WHAT YOU ARE ASKED TO DO: Write the data out again, word for word.

DATA SHOWN:
- - - - - - -

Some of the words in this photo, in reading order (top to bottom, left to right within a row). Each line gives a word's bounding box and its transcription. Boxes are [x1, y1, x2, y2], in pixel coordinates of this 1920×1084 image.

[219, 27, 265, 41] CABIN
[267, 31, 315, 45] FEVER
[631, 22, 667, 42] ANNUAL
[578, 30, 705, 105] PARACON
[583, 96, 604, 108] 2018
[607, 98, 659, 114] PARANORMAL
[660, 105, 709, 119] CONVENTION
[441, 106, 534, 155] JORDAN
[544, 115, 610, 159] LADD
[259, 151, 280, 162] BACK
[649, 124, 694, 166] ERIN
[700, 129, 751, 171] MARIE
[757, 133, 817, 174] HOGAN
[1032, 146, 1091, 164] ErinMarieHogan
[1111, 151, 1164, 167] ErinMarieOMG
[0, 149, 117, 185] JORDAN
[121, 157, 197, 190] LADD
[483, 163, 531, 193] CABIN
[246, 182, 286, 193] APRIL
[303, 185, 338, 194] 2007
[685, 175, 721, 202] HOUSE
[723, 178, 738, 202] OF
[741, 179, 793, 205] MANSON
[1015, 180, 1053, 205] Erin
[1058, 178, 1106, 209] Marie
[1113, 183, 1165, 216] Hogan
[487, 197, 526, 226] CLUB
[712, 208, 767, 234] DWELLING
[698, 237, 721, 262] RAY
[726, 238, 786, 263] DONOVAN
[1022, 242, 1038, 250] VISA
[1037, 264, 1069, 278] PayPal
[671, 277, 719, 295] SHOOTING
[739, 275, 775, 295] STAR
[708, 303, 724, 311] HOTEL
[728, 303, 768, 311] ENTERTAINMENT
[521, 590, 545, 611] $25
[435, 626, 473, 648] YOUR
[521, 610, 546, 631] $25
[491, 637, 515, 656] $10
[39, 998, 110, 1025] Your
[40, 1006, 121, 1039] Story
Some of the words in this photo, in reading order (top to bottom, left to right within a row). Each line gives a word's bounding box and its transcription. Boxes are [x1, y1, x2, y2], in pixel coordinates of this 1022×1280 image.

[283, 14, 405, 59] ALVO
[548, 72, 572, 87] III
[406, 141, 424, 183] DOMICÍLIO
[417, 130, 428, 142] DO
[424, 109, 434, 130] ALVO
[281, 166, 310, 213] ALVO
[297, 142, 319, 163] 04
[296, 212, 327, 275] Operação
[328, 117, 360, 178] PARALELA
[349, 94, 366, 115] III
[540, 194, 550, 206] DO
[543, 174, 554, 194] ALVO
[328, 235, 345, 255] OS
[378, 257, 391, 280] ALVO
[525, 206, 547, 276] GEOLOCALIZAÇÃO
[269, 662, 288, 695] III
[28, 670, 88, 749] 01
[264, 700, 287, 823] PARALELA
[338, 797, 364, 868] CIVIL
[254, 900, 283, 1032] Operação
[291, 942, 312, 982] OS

- - - - - - -

ANSWER SPACE:
Some of the words in this photo, in reading order (top to bottom, left to right within a row). Each line gives a word's bounding box and its transcription. Boxes are [x1, y1, x2, y2], in pixel coordinates of this 1920×1084 image.

[219, 27, 265, 41] CABIN
[267, 31, 315, 45] FEVER
[631, 22, 667, 42] ANNUAL
[578, 30, 705, 105] PARACON
[583, 96, 604, 108] 2018
[607, 98, 659, 114] PARANORMAL
[660, 105, 709, 119] CONVENTION
[441, 106, 534, 155] JORDAN
[544, 115, 610, 159] LADD
[259, 151, 280, 162] BACK
[649, 124, 694, 166] ERIN
[700, 129, 751, 171] MARIE
[757, 133, 817, 174] HOGAN
[1032, 146, 1091, 164] ErinMarieHogan
[1111, 151, 1164, 167] ErinMarieOMG
[0, 149, 117, 185] JORDAN
[121, 157, 197, 190] LADD
[483, 163, 531, 193] CABIN
[246, 182, 286, 193] APRIL
[303, 185, 338, 194] 2007
[685, 175, 721, 202] HOUSE
[723, 178, 738, 202] OF
[741, 179, 793, 205] MANSON
[1015, 180, 1053, 205] Erin
[1058, 178, 1106, 209] Marie
[1113, 183, 1165, 216] Hogan
[487, 197, 526, 226] CLUB
[712, 208, 767, 234] DWELLING
[698, 237, 721, 262] RAY
[726, 238, 786, 263] DONOVAN
[1022, 242, 1038, 250] VISA
[1037, 264, 1069, 278] PayPal
[671, 277, 719, 295] SHOOTING
[739, 275, 775, 295] STAR
[708, 303, 724, 311] HOTEL
[728, 303, 768, 311] ENTERTAINMENT
[521, 590, 545, 611] $25
[435, 626, 473, 648] YOUR
[521, 610, 546, 631] $25
[491, 637, 515, 656] $10
[39, 998, 110, 1025] Your
[40, 1006, 121, 1039] Story
Some of the words in this photo, in reading order (top to bottom, left to right within a row). Each line gives a word's bounding box and its transcription. Boxes are [x1, y1, x2, y2], in pixel coordinates of this 1022×1280 image.

[283, 14, 405, 59] ALVO
[548, 72, 572, 87] III
[406, 141, 424, 183] DOMICÍLIO
[417, 130, 428, 142] DO
[424, 109, 434, 130] ALVO
[281, 166, 310, 213] ALVO
[297, 142, 319, 163] 04
[296, 212, 327, 275] Operação
[328, 117, 360, 178] PARALELA
[349, 94, 366, 115] III
[540, 194, 550, 206] DO
[543, 174, 554, 194] ALVO
[328, 235, 345, 255] OS
[378, 257, 391, 280] ALVO
[525, 206, 547, 276] GEOLOCALIZAÇÃO
[269, 662, 288, 695] III
[28, 670, 88, 749] 01
[264, 700, 287, 823] PARALELA
[338, 797, 364, 868] CIVIL
[254, 900, 283, 1032] Operação
[291, 942, 312, 982] OS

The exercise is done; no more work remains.